#### [WORK TO BE COMPLETED]
Extract each line of the data below exactly as written.

#### [SUPPLIED DATA]
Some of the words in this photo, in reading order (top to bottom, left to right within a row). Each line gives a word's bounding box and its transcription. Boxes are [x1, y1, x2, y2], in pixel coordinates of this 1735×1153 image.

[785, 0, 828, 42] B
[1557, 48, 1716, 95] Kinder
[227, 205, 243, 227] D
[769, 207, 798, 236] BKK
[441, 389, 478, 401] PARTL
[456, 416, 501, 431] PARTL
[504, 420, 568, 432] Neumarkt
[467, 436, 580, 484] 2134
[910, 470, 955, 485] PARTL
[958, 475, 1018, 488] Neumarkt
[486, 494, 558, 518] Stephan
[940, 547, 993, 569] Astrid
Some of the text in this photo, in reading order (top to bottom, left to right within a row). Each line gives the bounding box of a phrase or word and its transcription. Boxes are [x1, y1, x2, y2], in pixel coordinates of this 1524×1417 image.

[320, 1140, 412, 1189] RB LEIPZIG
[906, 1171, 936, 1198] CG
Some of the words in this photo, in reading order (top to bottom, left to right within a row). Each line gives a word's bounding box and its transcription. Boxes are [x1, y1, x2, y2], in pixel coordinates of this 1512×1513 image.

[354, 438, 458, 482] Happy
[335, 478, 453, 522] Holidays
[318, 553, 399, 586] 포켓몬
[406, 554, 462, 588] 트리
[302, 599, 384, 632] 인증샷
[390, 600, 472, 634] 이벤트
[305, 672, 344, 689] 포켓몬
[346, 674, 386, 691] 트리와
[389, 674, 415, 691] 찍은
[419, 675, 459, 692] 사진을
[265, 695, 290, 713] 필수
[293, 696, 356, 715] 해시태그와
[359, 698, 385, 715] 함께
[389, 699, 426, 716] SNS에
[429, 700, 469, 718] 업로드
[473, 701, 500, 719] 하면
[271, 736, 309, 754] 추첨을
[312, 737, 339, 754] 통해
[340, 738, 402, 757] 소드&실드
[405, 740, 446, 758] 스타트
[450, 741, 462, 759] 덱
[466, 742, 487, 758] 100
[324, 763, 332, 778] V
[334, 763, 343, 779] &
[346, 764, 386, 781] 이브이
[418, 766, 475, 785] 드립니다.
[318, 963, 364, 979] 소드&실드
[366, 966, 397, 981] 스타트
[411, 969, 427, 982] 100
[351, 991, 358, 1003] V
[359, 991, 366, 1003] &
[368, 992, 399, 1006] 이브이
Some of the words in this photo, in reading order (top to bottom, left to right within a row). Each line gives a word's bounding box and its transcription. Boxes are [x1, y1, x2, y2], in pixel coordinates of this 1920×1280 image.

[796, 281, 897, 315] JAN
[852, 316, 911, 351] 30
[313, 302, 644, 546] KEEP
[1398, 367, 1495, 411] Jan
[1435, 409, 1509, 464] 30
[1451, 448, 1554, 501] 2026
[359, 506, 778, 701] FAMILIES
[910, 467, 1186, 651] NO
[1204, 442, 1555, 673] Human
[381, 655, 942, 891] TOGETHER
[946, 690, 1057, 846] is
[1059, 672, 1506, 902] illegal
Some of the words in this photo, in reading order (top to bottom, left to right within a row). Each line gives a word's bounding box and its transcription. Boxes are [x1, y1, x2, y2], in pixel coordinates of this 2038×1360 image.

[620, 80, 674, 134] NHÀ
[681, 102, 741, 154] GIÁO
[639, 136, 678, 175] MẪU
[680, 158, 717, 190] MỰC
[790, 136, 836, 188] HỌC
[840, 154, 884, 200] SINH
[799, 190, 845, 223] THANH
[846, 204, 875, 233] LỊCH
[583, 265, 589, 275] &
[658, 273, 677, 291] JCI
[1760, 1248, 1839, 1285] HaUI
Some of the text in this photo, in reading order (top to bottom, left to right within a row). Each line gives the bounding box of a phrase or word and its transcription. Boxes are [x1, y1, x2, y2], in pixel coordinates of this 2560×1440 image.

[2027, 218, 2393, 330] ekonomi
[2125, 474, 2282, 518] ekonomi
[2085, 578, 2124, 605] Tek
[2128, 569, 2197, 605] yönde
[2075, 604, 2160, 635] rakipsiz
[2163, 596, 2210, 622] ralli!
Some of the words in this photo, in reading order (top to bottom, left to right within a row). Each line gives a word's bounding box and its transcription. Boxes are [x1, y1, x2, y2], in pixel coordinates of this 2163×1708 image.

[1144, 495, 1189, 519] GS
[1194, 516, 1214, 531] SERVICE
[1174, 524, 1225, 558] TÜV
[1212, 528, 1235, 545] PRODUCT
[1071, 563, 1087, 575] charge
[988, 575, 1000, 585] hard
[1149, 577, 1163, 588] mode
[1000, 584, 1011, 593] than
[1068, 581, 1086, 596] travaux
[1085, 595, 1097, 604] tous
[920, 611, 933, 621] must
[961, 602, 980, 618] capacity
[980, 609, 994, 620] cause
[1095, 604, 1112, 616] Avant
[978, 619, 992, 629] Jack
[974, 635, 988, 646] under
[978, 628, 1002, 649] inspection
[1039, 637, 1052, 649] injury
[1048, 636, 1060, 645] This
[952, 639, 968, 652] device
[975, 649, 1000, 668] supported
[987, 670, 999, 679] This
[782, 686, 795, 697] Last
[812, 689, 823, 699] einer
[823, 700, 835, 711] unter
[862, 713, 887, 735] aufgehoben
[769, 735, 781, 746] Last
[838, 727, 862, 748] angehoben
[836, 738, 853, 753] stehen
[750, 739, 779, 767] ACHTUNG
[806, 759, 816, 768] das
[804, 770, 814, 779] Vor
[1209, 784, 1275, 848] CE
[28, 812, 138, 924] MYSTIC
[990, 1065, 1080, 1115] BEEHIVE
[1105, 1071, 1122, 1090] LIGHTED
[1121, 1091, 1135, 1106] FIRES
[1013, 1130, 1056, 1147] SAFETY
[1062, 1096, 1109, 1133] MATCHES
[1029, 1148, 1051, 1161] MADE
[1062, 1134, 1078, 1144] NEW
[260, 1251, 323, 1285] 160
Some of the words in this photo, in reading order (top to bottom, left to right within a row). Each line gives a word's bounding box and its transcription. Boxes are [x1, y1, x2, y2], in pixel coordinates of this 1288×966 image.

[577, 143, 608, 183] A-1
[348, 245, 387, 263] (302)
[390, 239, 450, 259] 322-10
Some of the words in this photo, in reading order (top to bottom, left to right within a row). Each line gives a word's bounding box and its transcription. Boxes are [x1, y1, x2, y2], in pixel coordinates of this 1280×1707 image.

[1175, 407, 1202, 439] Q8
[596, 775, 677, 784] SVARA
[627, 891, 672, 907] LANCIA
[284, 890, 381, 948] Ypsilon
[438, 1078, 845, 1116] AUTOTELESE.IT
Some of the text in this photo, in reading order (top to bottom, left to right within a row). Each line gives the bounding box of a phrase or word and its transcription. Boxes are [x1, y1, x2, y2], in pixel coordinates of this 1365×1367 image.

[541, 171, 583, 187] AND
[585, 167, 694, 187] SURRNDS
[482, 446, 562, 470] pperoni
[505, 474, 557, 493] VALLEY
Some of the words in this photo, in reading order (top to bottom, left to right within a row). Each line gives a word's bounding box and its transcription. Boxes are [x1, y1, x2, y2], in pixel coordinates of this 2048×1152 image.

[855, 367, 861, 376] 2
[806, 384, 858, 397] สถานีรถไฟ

#### [EXERCISE OUTPUT]
Some of the words in this photo, in reading order (top to bottom, left to right within a row). Each line gives a word's bounding box and its transcription. Boxes are [x1, y1, x2, y2], in pixel coordinates of this 1735×1153 image.

[785, 0, 828, 42] B
[1557, 48, 1716, 95] Kinder
[227, 205, 243, 227] D
[769, 207, 798, 236] BKK
[441, 389, 478, 401] PARTL
[456, 416, 501, 431] PARTL
[504, 420, 568, 432] Neumarkt
[467, 436, 580, 484] 2134
[910, 470, 955, 485] PARTL
[958, 475, 1018, 488] Neumarkt
[486, 494, 558, 518] Stephan
[940, 547, 993, 569] Astrid
Some of the text in this photo, in reading order (top to bottom, left to right within a row). Each line gives the bounding box of a phrase or word and its transcription. Boxes are [x1, y1, x2, y2], in pixel coordinates of this 1524×1417 image.

[320, 1140, 412, 1189] RB LEIPZIG
[906, 1171, 936, 1198] CG
Some of the words in this photo, in reading order (top to bottom, left to right within a row). Each line gives a word's bounding box and its transcription. Boxes are [x1, y1, x2, y2], in pixel coordinates of this 1512×1513 image.

[354, 438, 458, 482] Happy
[335, 478, 453, 522] Holidays
[318, 553, 399, 586] 포켓몬
[406, 554, 462, 588] 트리
[302, 599, 384, 632] 인증샷
[390, 600, 472, 634] 이벤트
[305, 672, 344, 689] 포켓몬
[346, 674, 386, 691] 트리와
[389, 674, 415, 691] 찍은
[419, 675, 459, 692] 사진을
[265, 695, 290, 713] 필수
[293, 696, 356, 715] 해시태그와
[359, 698, 385, 715] 함께
[389, 699, 426, 716] SNS에
[429, 700, 469, 718] 업로드
[473, 701, 500, 719] 하면
[271, 736, 309, 754] 추첨을
[312, 737, 339, 754] 통해
[340, 738, 402, 757] 소드&실드
[405, 740, 446, 758] 스타트
[450, 741, 462, 759] 덱
[466, 742, 487, 758] 100
[324, 763, 332, 778] V
[334, 763, 343, 779] &
[346, 764, 386, 781] 이브이
[418, 766, 475, 785] 드립니다.
[318, 963, 364, 979] 소드&실드
[366, 966, 397, 981] 스타트
[411, 969, 427, 982] 100
[351, 991, 358, 1003] V
[359, 991, 366, 1003] &
[368, 992, 399, 1006] 이브이
Some of the words in this photo, in reading order (top to bottom, left to right within a row). Each line gives a word's bounding box and its transcription. Boxes are [x1, y1, x2, y2], in pixel coordinates of this 1920×1280 image.

[796, 281, 897, 315] JAN
[852, 316, 911, 351] 30
[313, 302, 644, 546] KEEP
[1398, 367, 1495, 411] Jan
[1435, 409, 1509, 464] 30
[1451, 448, 1554, 501] 2026
[359, 506, 778, 701] FAMILIES
[910, 467, 1186, 651] NO
[1204, 442, 1555, 673] Human
[381, 655, 942, 891] TOGETHER
[946, 690, 1057, 846] is
[1059, 672, 1506, 902] illegal
Some of the words in this photo, in reading order (top to bottom, left to right within a row). Each line gives a word's bounding box and its transcription. Boxes are [x1, y1, x2, y2], in pixel coordinates of this 2038×1360 image.

[620, 80, 674, 134] NHÀ
[681, 102, 741, 154] GIÁO
[639, 136, 678, 175] MẪU
[680, 158, 717, 190] MỰC
[790, 136, 836, 188] HỌC
[840, 154, 884, 200] SINH
[799, 190, 845, 223] THANH
[846, 204, 875, 233] LỊCH
[583, 265, 589, 275] &
[658, 273, 677, 291] JCI
[1760, 1248, 1839, 1285] HaUI
Some of the text in this photo, in reading order (top to bottom, left to right within a row). Each line gives the bounding box of a phrase or word and its transcription. Boxes are [x1, y1, x2, y2], in pixel coordinates of this 2560×1440 image.

[2027, 218, 2393, 330] ekonomi
[2125, 474, 2282, 518] ekonomi
[2085, 578, 2124, 605] Tek
[2128, 569, 2197, 605] yönde
[2075, 604, 2160, 635] rakipsiz
[2163, 596, 2210, 622] ralli!
Some of the words in this photo, in reading order (top to bottom, left to right within a row). Each line gives a word's bounding box and its transcription. Boxes are [x1, y1, x2, y2], in pixel coordinates of this 2163×1708 image.

[1144, 495, 1189, 519] GS
[1194, 516, 1214, 531] SERVICE
[1174, 524, 1225, 558] TÜV
[1212, 528, 1235, 545] PRODUCT
[1071, 563, 1087, 575] charge
[988, 575, 1000, 585] hard
[1149, 577, 1163, 588] mode
[1000, 584, 1011, 593] than
[1068, 581, 1086, 596] travaux
[1085, 595, 1097, 604] tous
[920, 611, 933, 621] must
[961, 602, 980, 618] capacity
[980, 609, 994, 620] cause
[1095, 604, 1112, 616] Avant
[978, 619, 992, 629] Jack
[974, 635, 988, 646] under
[978, 628, 1002, 649] inspection
[1039, 637, 1052, 649] injury
[1048, 636, 1060, 645] This
[952, 639, 968, 652] device
[975, 649, 1000, 668] supported
[987, 670, 999, 679] This
[782, 686, 795, 697] Last
[812, 689, 823, 699] einer
[823, 700, 835, 711] unter
[862, 713, 887, 735] aufgehoben
[769, 735, 781, 746] Last
[838, 727, 862, 748] angehoben
[836, 738, 853, 753] stehen
[750, 739, 779, 767] ACHTUNG
[806, 759, 816, 768] das
[804, 770, 814, 779] Vor
[1209, 784, 1275, 848] CE
[28, 812, 138, 924] MYSTIC
[990, 1065, 1080, 1115] BEEHIVE
[1105, 1071, 1122, 1090] LIGHTED
[1121, 1091, 1135, 1106] FIRES
[1013, 1130, 1056, 1147] SAFETY
[1062, 1096, 1109, 1133] MATCHES
[1029, 1148, 1051, 1161] MADE
[1062, 1134, 1078, 1144] NEW
[260, 1251, 323, 1285] 160
Some of the words in this photo, in reading order (top to bottom, left to right within a row). Each line gives a word's bounding box and its transcription. Boxes are [x1, y1, x2, y2], in pixel coordinates of this 1288×966 image.

[577, 143, 608, 183] A-1
[348, 245, 387, 263] (302)
[390, 239, 450, 259] 322-10
Some of the words in this photo, in reading order (top to bottom, left to right within a row). Each line gives a word's bounding box and its transcription. Boxes are [x1, y1, x2, y2], in pixel coordinates of this 1280×1707 image.

[1175, 407, 1202, 439] Q8
[596, 775, 677, 784] SVARA
[627, 891, 672, 907] LANCIA
[284, 890, 381, 948] Ypsilon
[438, 1078, 845, 1116] AUTOTELESE.IT
Some of the text in this photo, in reading order (top to bottom, left to right within a row). Each line gives the bounding box of a phrase or word and its transcription. Boxes are [x1, y1, x2, y2], in pixel coordinates of this 1365×1367 image.

[541, 171, 583, 187] AND
[585, 167, 694, 187] SURRNDS
[482, 446, 562, 470] pperoni
[505, 474, 557, 493] VALLEY
Some of the words in this photo, in reading order (top to bottom, left to right within a row). Each line gives a word's bounding box and its transcription. Boxes are [x1, y1, x2, y2], in pixel coordinates of this 2048×1152 image.

[855, 367, 861, 376] 2
[806, 384, 858, 397] สถานีรถไฟ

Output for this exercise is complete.